How to Apply for a Student Loan Online


If you’re looking for private student loans, you’ll fill out a student loan application with each lender. Before you apply, look at the qualifying requirements, available loan amounts, and potential interest rates.


Because private lenders have their own programs, they charge their own fees too. You’ll likely find vast differences among the programs. Find the programs that fit your budget and needs before applying.


We recommend applying with at least 3 banks or financial institutions. Compare the offers and see which one is the most affordable. Don’t focus on the APR, loan amount, or monthly payment. Instead, look at the big number – what will the loan cost overall?


That’s the number you want to focus on. Borrowing $30,000 may not seem like much, but when you compare different programs offered, you may find at the end of the term that one costs $40,000 after interest costs and the other $55,000 – that’s a tremendous difference.


Most banks and financial institutions have student loan applications online. You’ll need your personal identifying information (birthdate, social security number, etc.), your income, your parent’s income (if they are cosigning), and any asset information. Most banks offer instant answers or at least send you quotes via email within a day or two.

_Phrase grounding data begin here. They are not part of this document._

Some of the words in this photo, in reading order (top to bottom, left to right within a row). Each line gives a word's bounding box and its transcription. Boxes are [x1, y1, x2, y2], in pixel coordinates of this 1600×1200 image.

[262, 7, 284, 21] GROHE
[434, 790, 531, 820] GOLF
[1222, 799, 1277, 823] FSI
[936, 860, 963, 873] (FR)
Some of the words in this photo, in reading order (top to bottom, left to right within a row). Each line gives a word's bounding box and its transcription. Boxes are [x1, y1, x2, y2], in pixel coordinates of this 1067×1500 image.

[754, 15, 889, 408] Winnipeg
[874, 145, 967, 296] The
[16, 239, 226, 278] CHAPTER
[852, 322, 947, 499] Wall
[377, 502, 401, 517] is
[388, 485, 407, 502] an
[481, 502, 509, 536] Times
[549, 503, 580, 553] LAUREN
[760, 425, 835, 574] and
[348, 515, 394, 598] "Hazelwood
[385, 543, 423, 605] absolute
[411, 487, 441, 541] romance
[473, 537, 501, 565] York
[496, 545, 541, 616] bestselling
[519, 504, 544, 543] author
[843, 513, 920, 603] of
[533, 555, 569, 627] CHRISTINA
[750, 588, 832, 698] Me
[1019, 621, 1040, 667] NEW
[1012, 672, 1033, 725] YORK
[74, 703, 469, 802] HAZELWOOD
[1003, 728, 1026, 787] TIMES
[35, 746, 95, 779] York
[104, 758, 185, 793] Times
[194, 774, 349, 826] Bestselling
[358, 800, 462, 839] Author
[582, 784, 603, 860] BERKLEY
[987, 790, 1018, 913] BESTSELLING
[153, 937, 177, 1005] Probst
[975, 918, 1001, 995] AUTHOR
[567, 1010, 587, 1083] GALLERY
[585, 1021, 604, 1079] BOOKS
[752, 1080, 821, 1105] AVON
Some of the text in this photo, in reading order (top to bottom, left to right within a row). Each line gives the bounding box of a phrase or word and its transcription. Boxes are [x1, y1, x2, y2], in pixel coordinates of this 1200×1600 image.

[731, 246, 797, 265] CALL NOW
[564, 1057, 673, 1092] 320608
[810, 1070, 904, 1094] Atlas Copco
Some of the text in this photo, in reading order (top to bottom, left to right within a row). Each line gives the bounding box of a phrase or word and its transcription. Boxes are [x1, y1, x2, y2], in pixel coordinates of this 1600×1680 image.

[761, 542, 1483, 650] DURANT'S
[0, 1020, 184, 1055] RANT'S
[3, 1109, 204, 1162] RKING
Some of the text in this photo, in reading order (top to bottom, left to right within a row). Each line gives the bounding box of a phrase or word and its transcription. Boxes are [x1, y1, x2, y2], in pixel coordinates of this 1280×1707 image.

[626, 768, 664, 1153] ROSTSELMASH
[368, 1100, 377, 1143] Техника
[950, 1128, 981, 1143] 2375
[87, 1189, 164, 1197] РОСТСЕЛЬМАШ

How to get the Best Private Student Loans without a Cosigner



If you’re ready to be independent and want student loans without a cosigner, you’ll need to build up your credit. Private student loan lenders need proof of a credit history. As a young adult, you may not have much credit yet, but here are a few quick ways to build it up:

  • Get a secured credit card. Your credit line is equal to your deposit. Lenders use the deposit as collateral. If you default on your payments, they keep the deposit. If you’re trying to build credit, though, make sure you make your payments on time.
  • Get a department store credit card. Kohl’s, Macy’s, and Dillard’s all offer store-branded credit cards with flexible guidelines. They are a great place for young adults to start building credit. Use it to pay for things you’d normally buy and pay the bill off in full to get the credit.
  • Use Experian Boost. Experian offers a free program that tracks your utility and cellphone payments for ‘credit.’ If you make your payments on time, they can add up to six months of payments to your credit history to ‘boost’ your score.


How to Choose the Best Student Loan


Looking for the best student loan is a big job. Before you start, know these tips:

  • Look at the fees. Student loan companies always charge fees. Getting familiar with them is important. Do they charge an origination fee? This is usually a percentage of your loan amount. One point, for example, is 1% of your loan amount. Some banks also charge application fees. Look at the bottom line to see what the loan will cost.
  • Look at the repayment terms. Make sure you can work with them. For example, if the lender requires payments right away, even while you’re in school, can you afford it? Do you need a loan with deferred payments until you graduate?
  • Look at the interest rate. Don’t focus on the interest rate, but make sure it’s a fair rate. It’s a piece of the puzzle at the least. You don’t want to overpay for interest when other lenders may offer lower rates, but don’t let it be your only deciding factor. Combine the interest rate with the fees and look at the big picture.
  • What are the repayment options? Finally, ask about repayment options. Private student loans have fewer options than federal loans. Can you make smaller payments when you first graduate or do you go right into full-blown repayment when you leave school?


Find the Best Student Loan Companies for your College Education


No one should avoid college because they can’t afford it. There is a lot of help out there today, especially when you look at the best student loan companies. You’ll find loans with affordable interest rates, low fees, and repayment terms you can afford.


Do your homework and look around. Federal student loans may help you get started, but they often aren’t enough to fund your entire secondary education. If you want the best terms and the most affordable options, look at the student loan companies that do it best – helping students get the financing they need for many years.